Researchers from University of California, Irvine have found that retinas in mice genetically altered to have Alzheimer's undergo changes similar to those that occur in the brain - most notably the accumulation of amyloid plaque lesions.
Moreover, when Alzheimer's therapies are tested in such mice, retinal changes that result might predict how the treatments will work in humans better than changes in mouse brain tissue.
The new findings would help in developing retinal imaging technology that may help diagnose and treat people with the neurological disease.
"It's important to discover the pathological changes before an Alzheimer's patient dies," said Zhiqun Tan, a UCI neuroscientist leading the research.
"Brain tissue isn't transparent, but retinas are. I hope in the future we'll be able to diagnose the disease and track its progress by looking into the eyes," Tan added.
Tan and colleagues analysed the retinas of Alzheimer's mice that had been treated with immunotherapy.
Vaccinated mice performed better on learning and memory tests than untreated mice, and their brains had fewer plaque lesions.
Similarly, retinas in the treated mice had fewer lesions than in untreated mice.

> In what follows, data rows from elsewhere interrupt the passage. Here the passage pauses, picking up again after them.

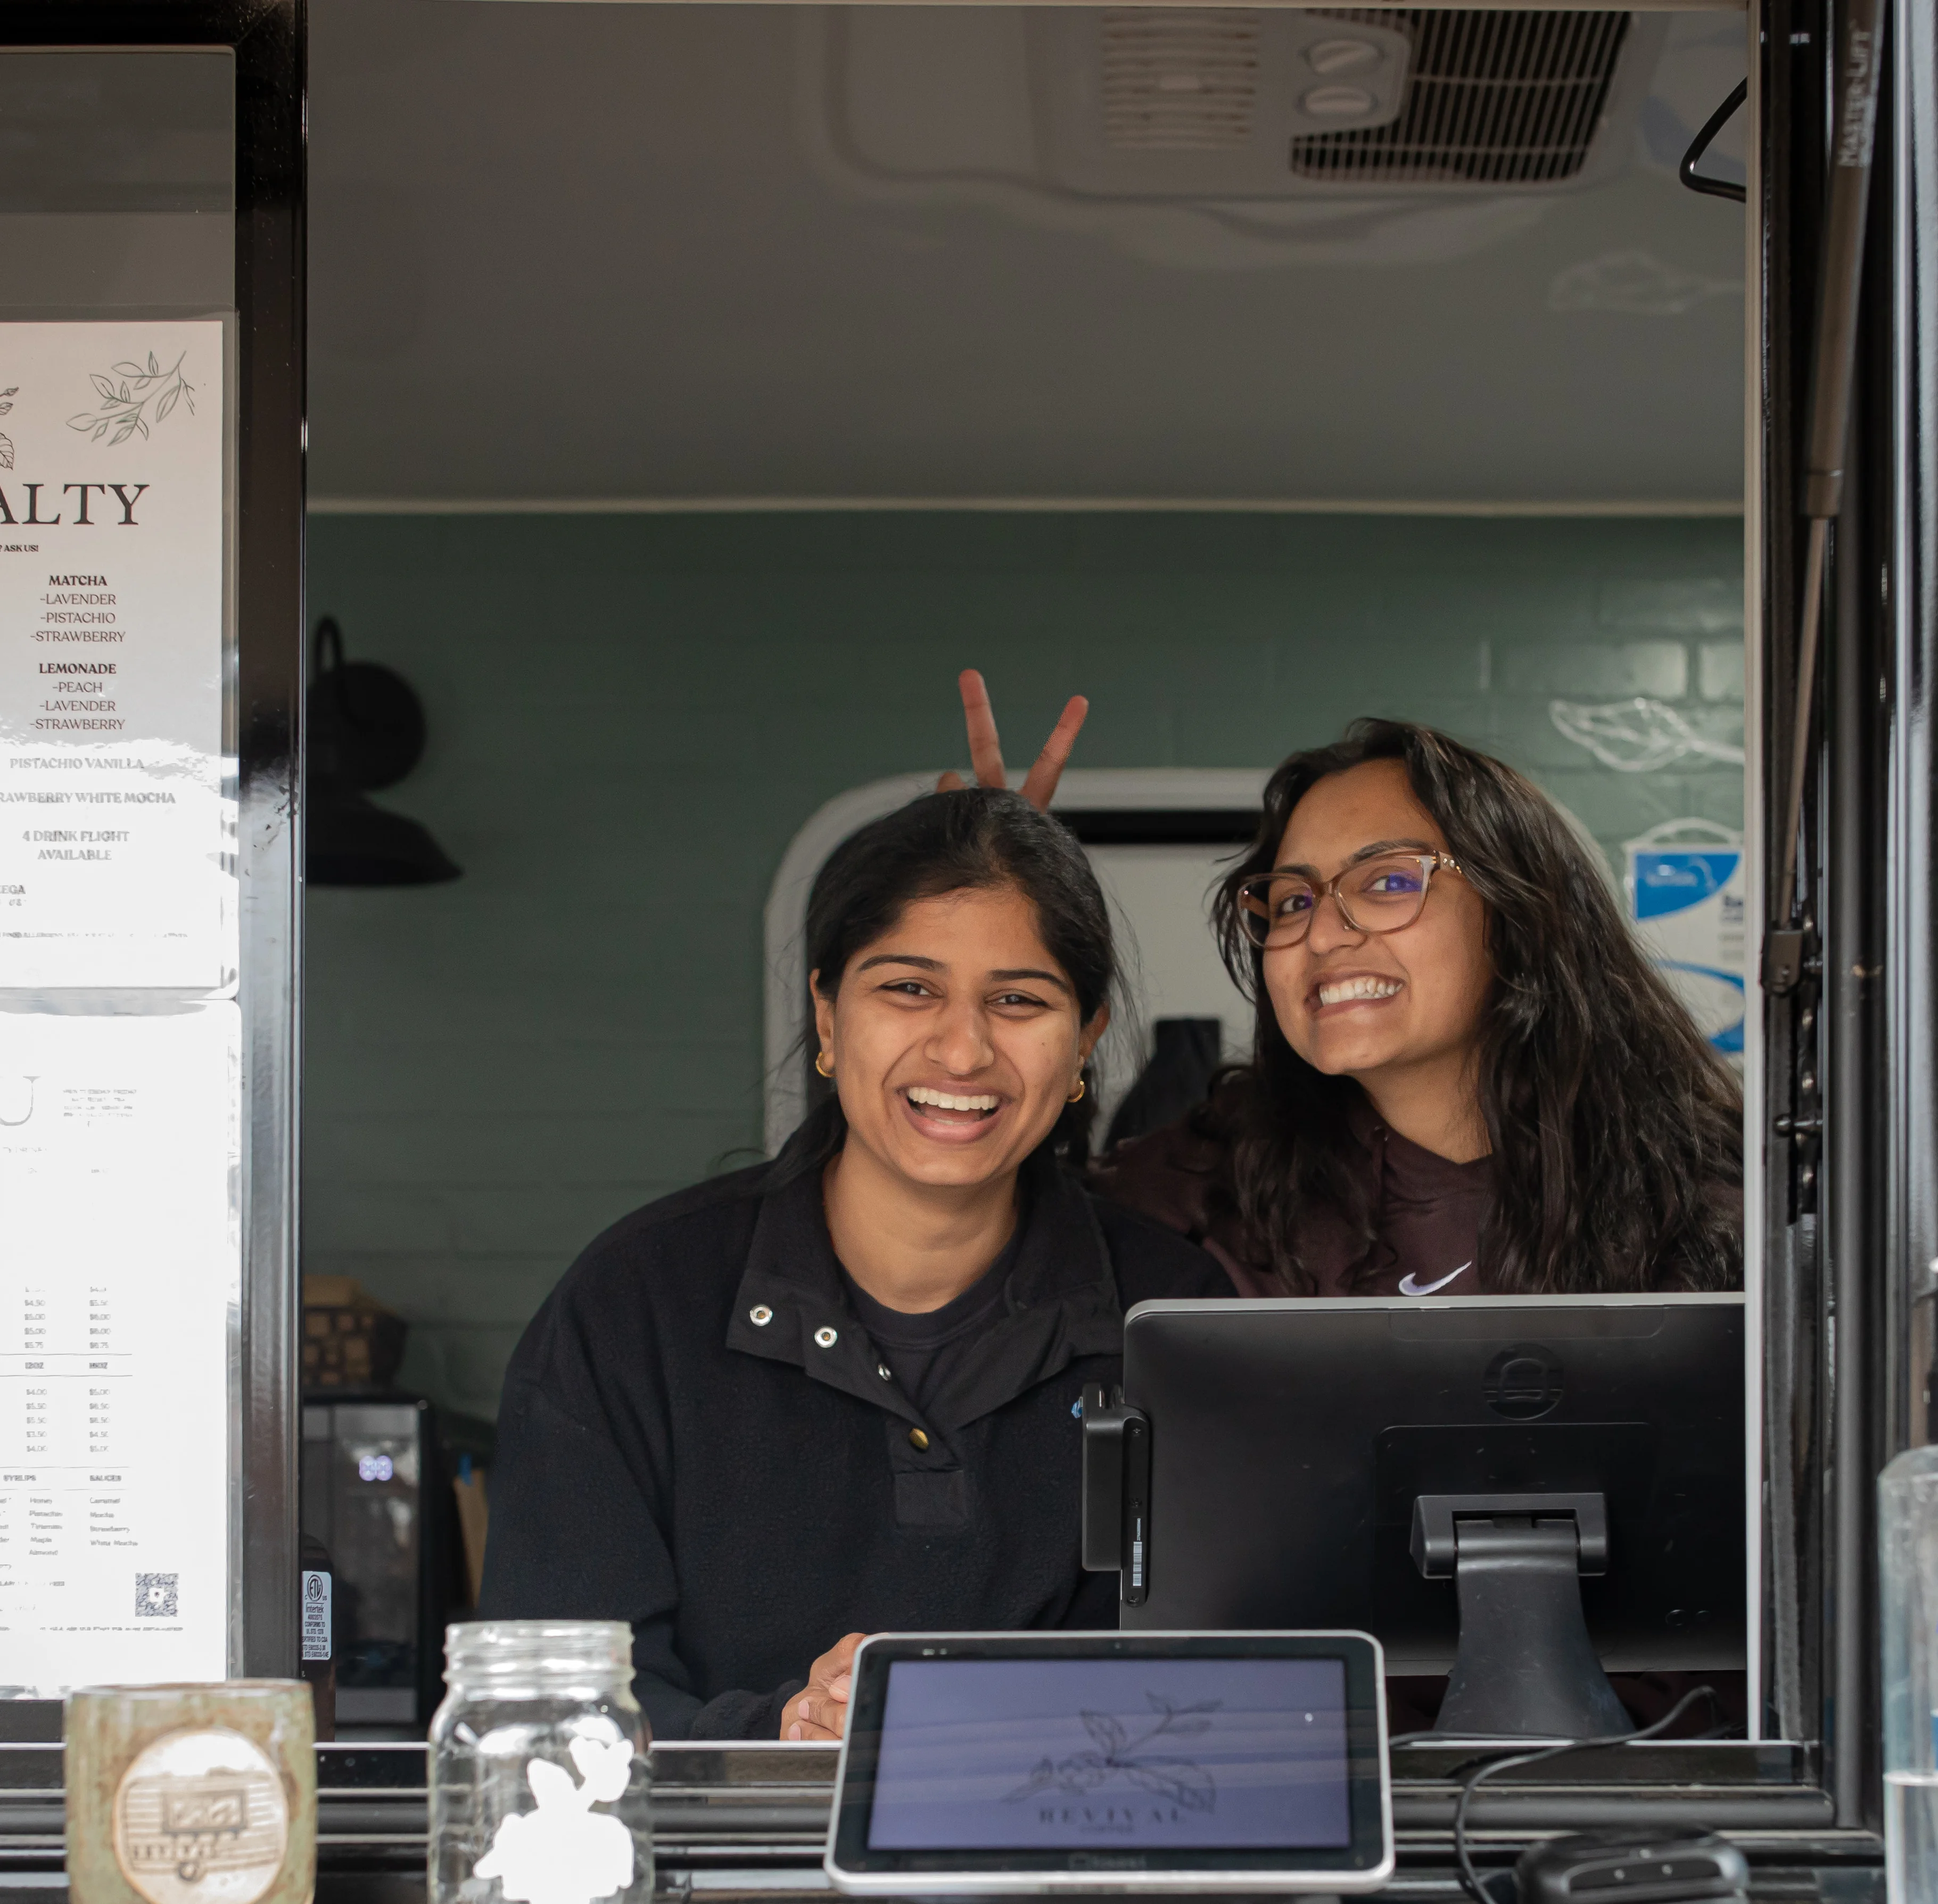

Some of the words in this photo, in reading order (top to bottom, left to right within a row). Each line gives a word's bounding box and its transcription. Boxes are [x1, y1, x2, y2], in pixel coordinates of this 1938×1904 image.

[49, 575, 108, 586] MATCHA
[40, 594, 116, 605] -LAVENDER
[40, 612, 116, 624] -PISTACHIO
[30, 631, 126, 642] -STRAWBERRY
[39, 664, 117, 674] LEMONADE
[53, 682, 103, 692] -PEACH
[40, 700, 116, 711] -LAVENDER
[30, 719, 125, 730] -STRAWBERRY
[10, 758, 83, 769] PISTACHIO
[85, 758, 145, 769] VANILLA
[76, 792, 121, 804] WHITE
[125, 792, 176, 804] MOCHA
[22, 831, 30, 842] 4
[34, 830, 78, 842] DRINK
[80, 830, 130, 842] FLIGHT
[38, 849, 112, 860] AVAILABLE

However, the treated mice's retinas had worse inflammation and vascular changes associated with Alzheimer's than did their brains.
When immunotherapy was tested in humans, inflammation of brain tissue occurred similar to that observed in the mice retinas.
"This tells us the retina may be more sensitive at reflecting changes in the human brain," Tan added.
The study appears in The American Journal of Pathology.